Stella was seven years old when she was diagnosed with ulcerative colitis (UC). The day she was diagnosed with this disease is deeply etched in his memory. Despite all the difficulties, it can be said that UC has become an integral part of life for her and everyone involved with whom she has learned to live.
The incidence of inflammatory bowel disease is increasing worldwide, while the typical age at diagnosis gradually decreases. Childhood ulcerative colitis differs from typical adult UC in the greater extent of the disease.
The first symptoms of UC in children can vary from patient to patient, usually, patients experience bloody diarrhoea with nighttime bowel movements, abdominal cramps and weight loss. Manifestations outside the gut or a family history of inflammatory bowel disease may be present. Regardless of the duration of symptoms, it is essential to perform laboratory and microbiological tests. The results may show an iron deficiency, anaemia, and borderline albumin levels. The next step is examinations, including upper endoscopy and colonoscopy. It is also essential to determine the pediatric UC activity index, PUCAI (Pediatric Ulcerative Colitis Activity Index). What happens in their bodies can be explained to little patients with the help of a diagram illustrating the image of the gut.

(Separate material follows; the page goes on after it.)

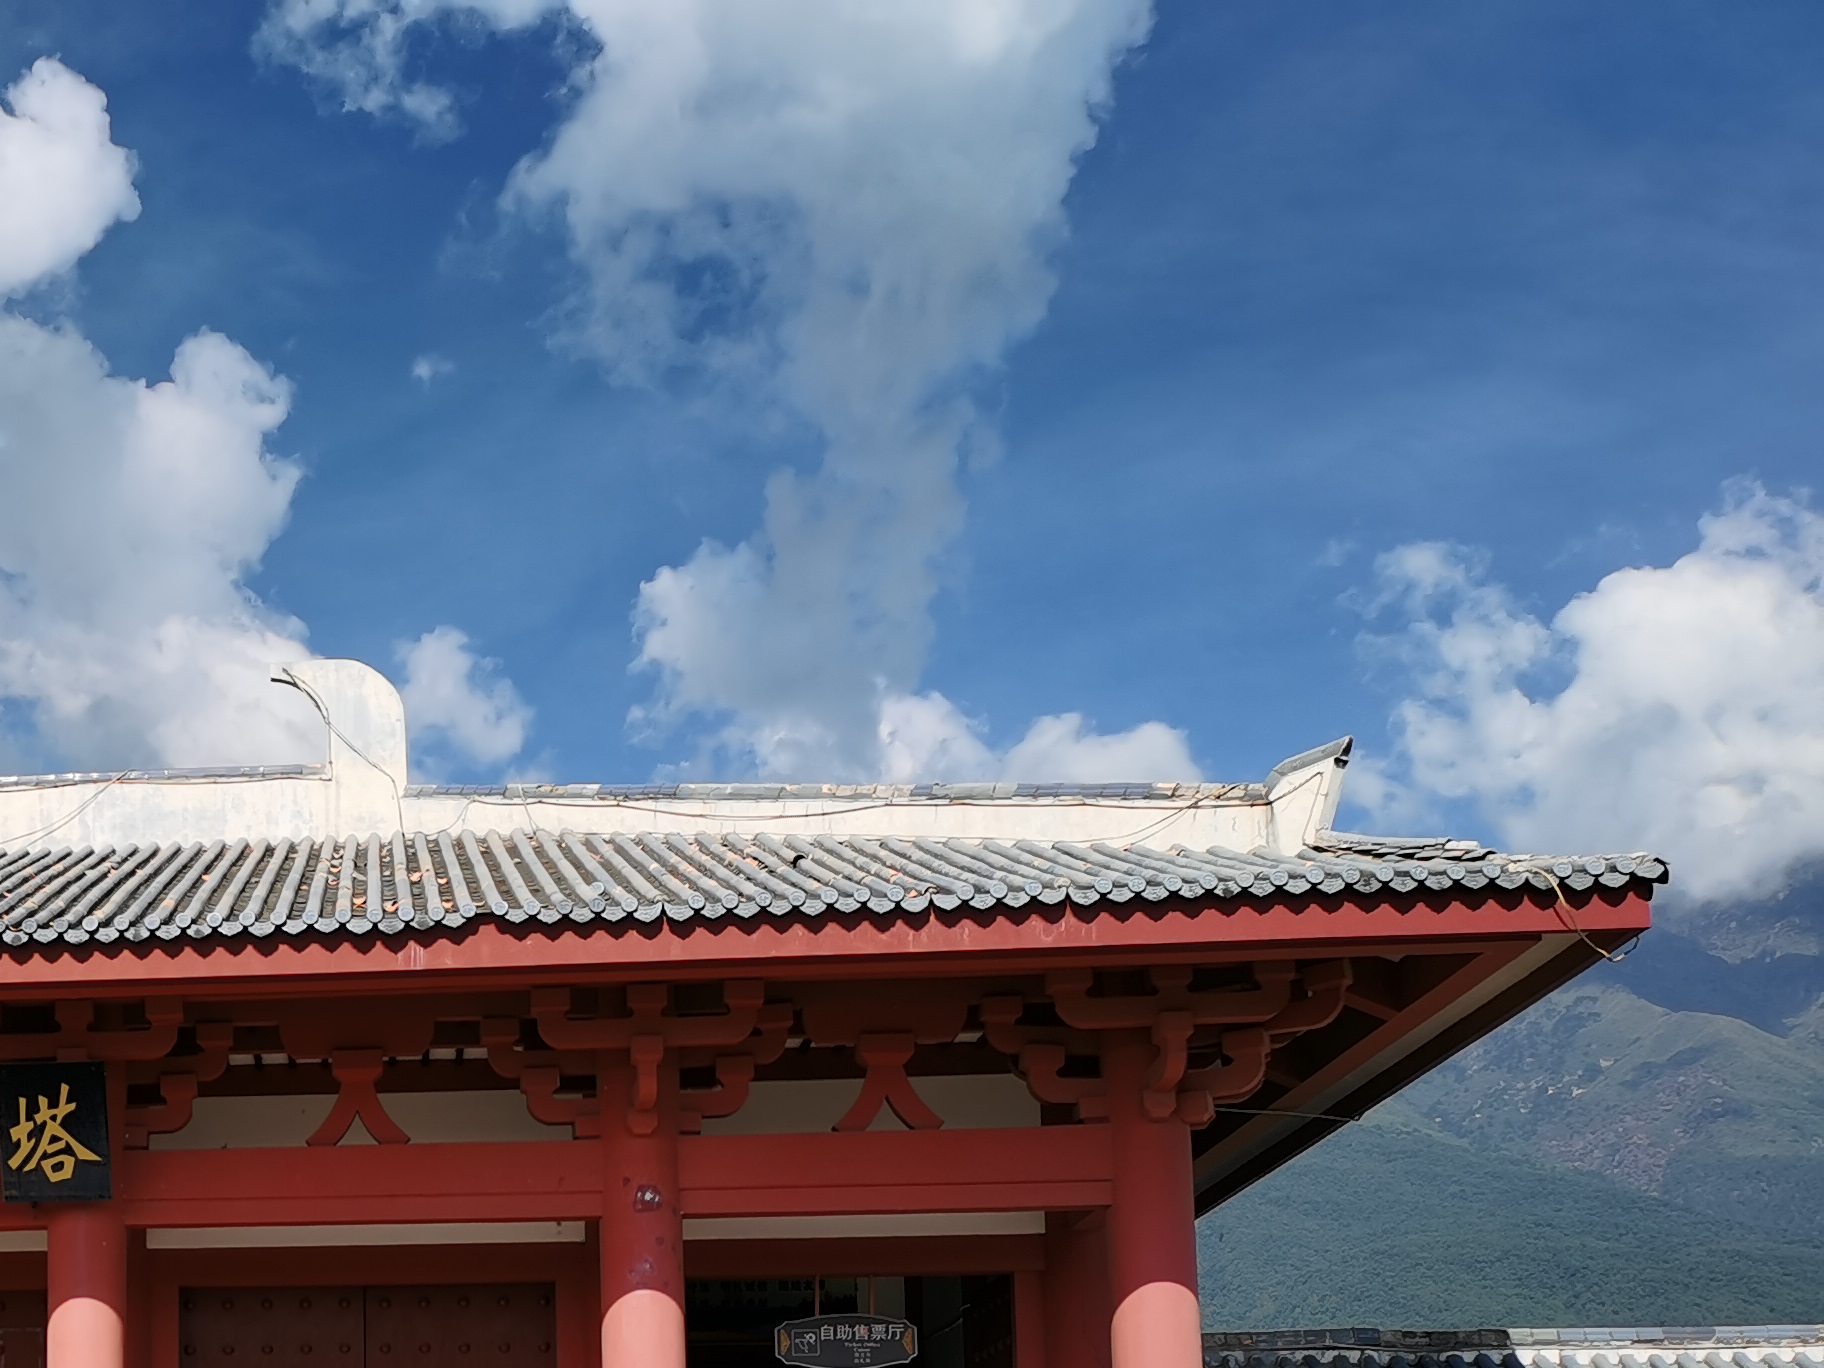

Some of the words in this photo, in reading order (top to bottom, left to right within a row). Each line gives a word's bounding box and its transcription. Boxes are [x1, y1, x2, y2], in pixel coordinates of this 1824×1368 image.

[820, 1323, 905, 1341] 自助售票厅

Children with UC may require corticosteroids or immunomodulatory therapy more often than adults and may experience negative effects of their disease on growth, pubertal development, and bone health more often. In addition, the psychological aspects of the disease cannot be neglected. Anxiety, depression, and low self-esteem are more common in children with UC. Cognitive behavioural therapy has been shown to be particularly effective in treating this.
It is essential to monitor adherence, which is usually only around 50%. Disease control, body weight, physical activity level and control of vitamin D levels can be indicators of adherence.